It's fine. I don't care if he gets his pen, he has others and he has a whole pack of field notes in the drawer but he likes the Yamamoto ones so much better. Stuff it, I tell him. Use what you have! 

I'll do it myself. Is the cart still there.

No. I emptied it in protest. 

Cale sighs for a long time and then doesn't say anymore and I go back to going through receipts. Silence reigns for the better part of the afternoon and I finally stand up to leave and he startles so hard I am shaken. 

Sorry, was daydreaming, I guess. 

You know what they say about disassociati-

Neamhchiontach, don't. I just haven't slept. 

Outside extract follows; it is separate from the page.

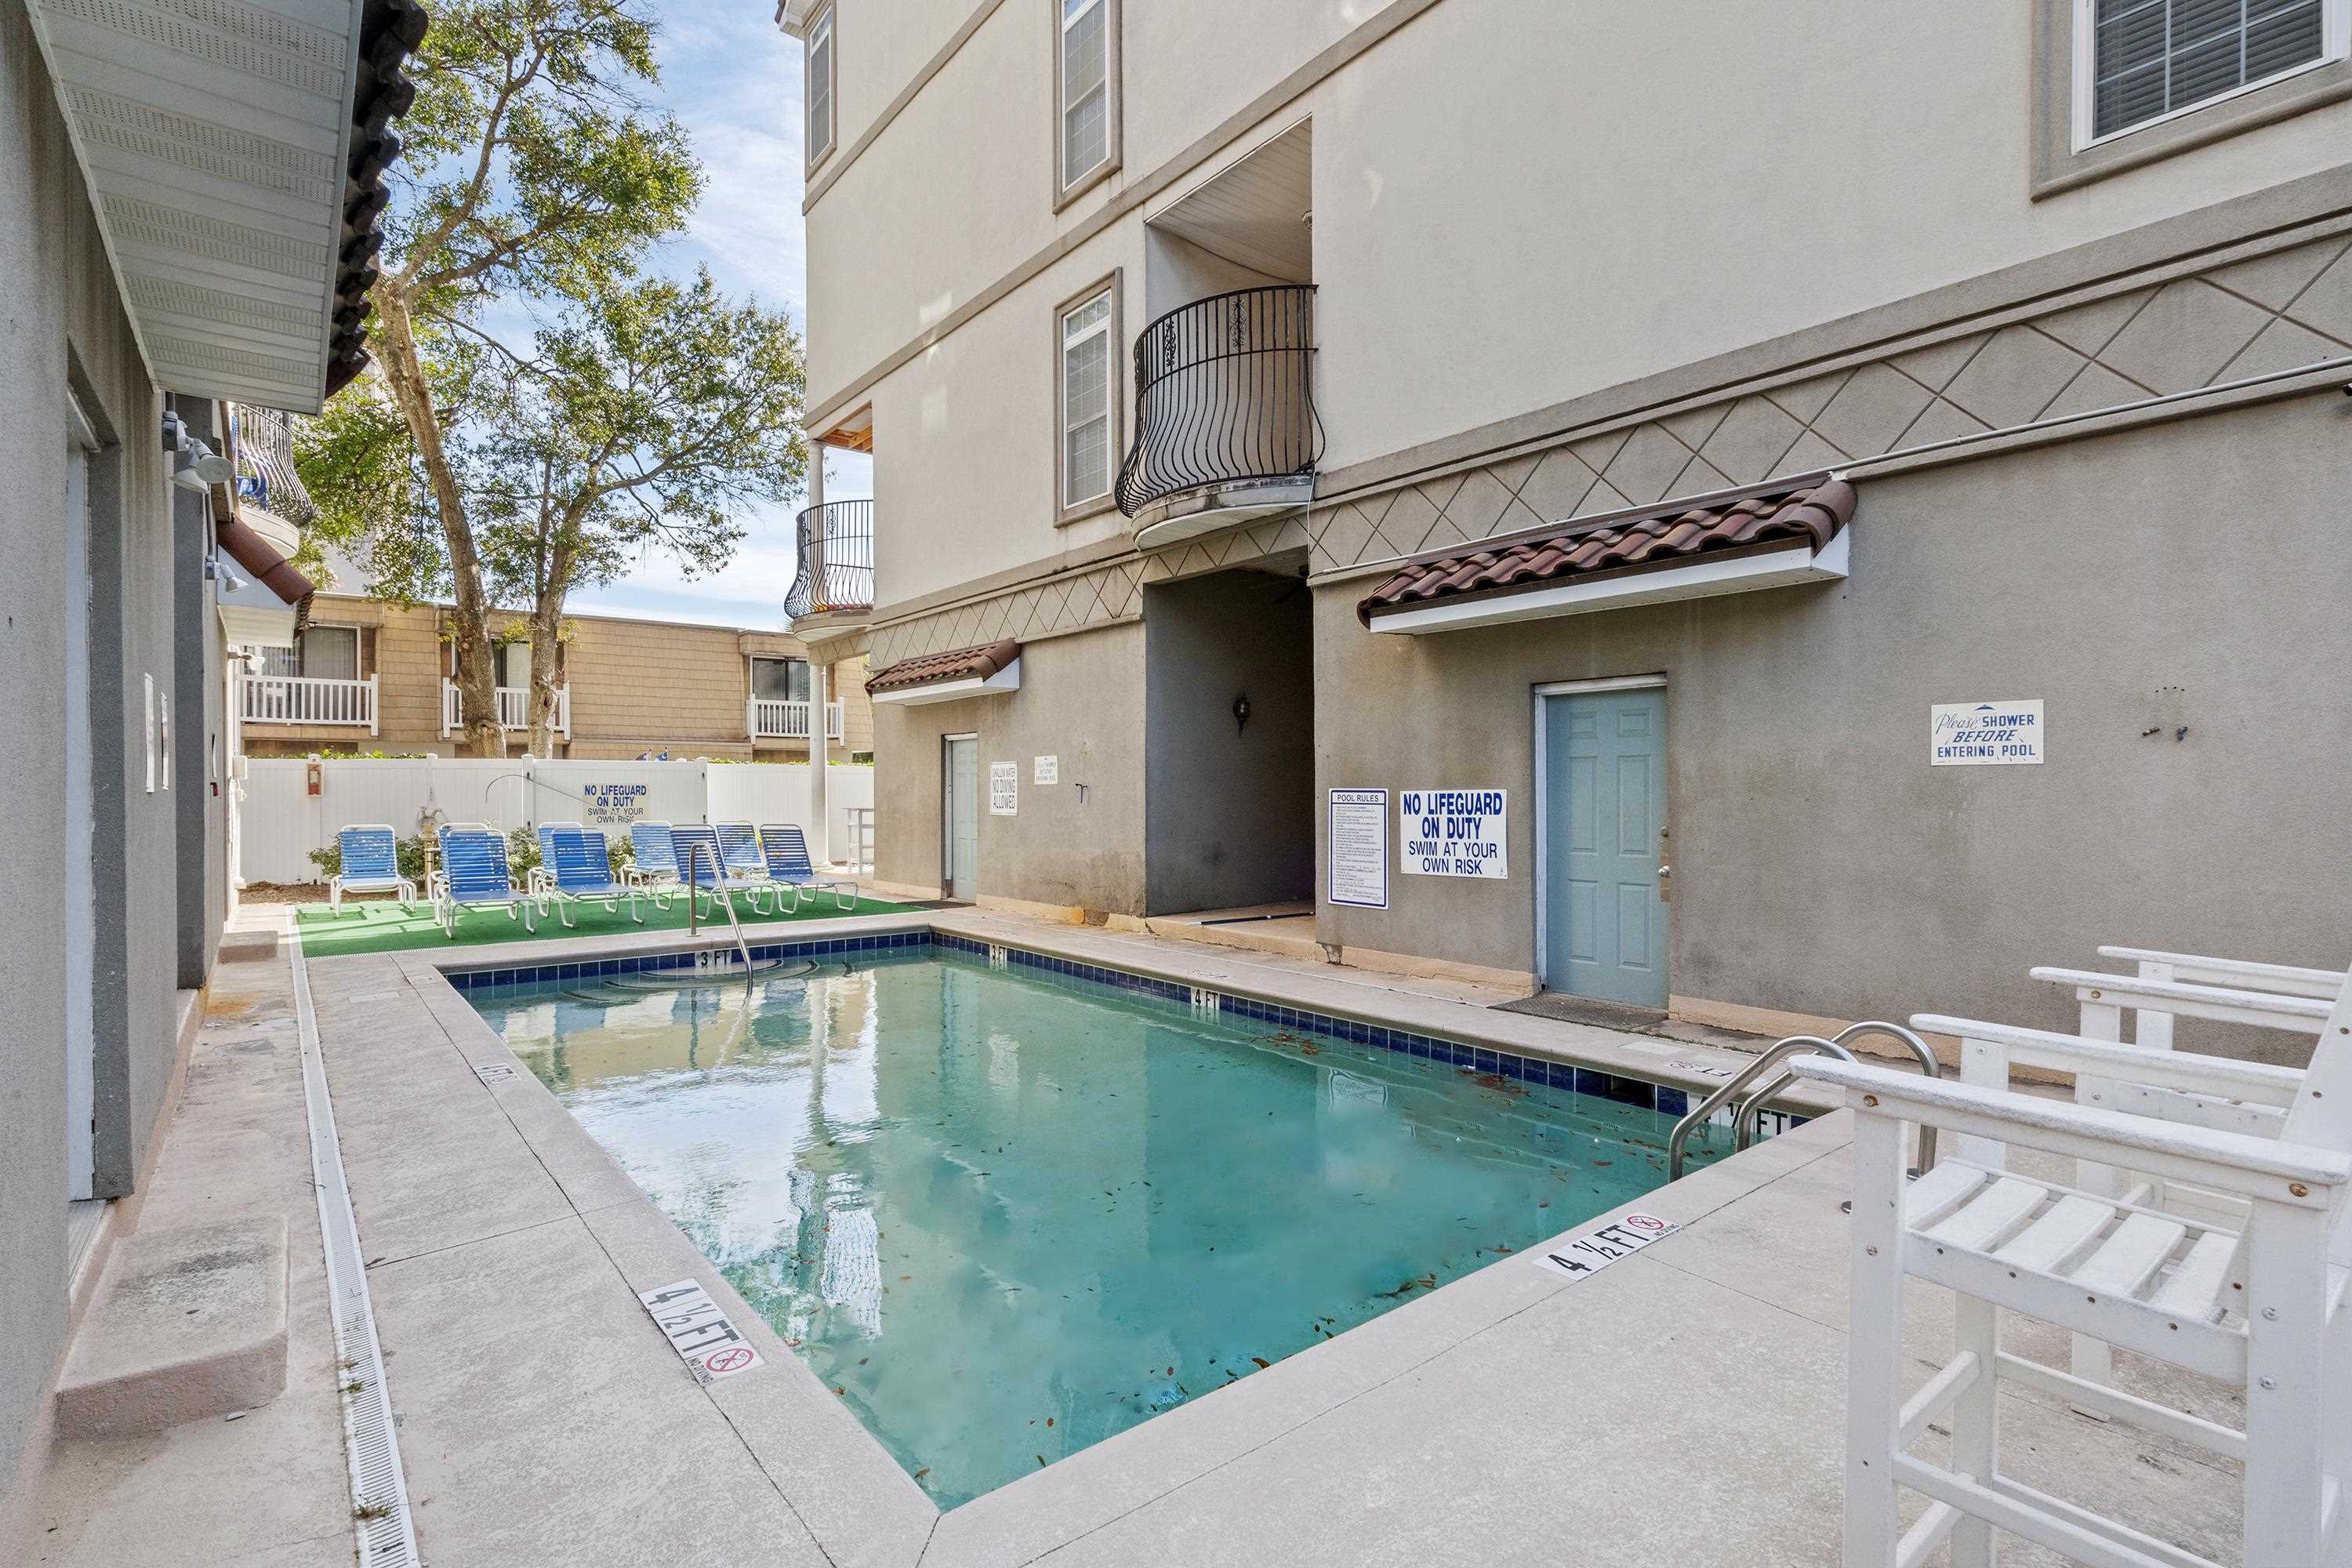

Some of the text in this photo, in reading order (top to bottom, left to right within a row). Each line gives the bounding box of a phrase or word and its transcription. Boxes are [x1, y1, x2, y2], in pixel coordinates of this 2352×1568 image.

Ooh, come join my club. We meet every day behind the treehouse. Though you'll have to learn the secret handshake and we have badges to pin on your shirt and-

He pinches the bridge of his nose with one hand. There's a fix for this. Stay tonight. 

What's in it for me? 

He stares at me. It was a joke and he took it as a challenge. Anything, everything. Name it. 

I want things to cost less and get here faster. 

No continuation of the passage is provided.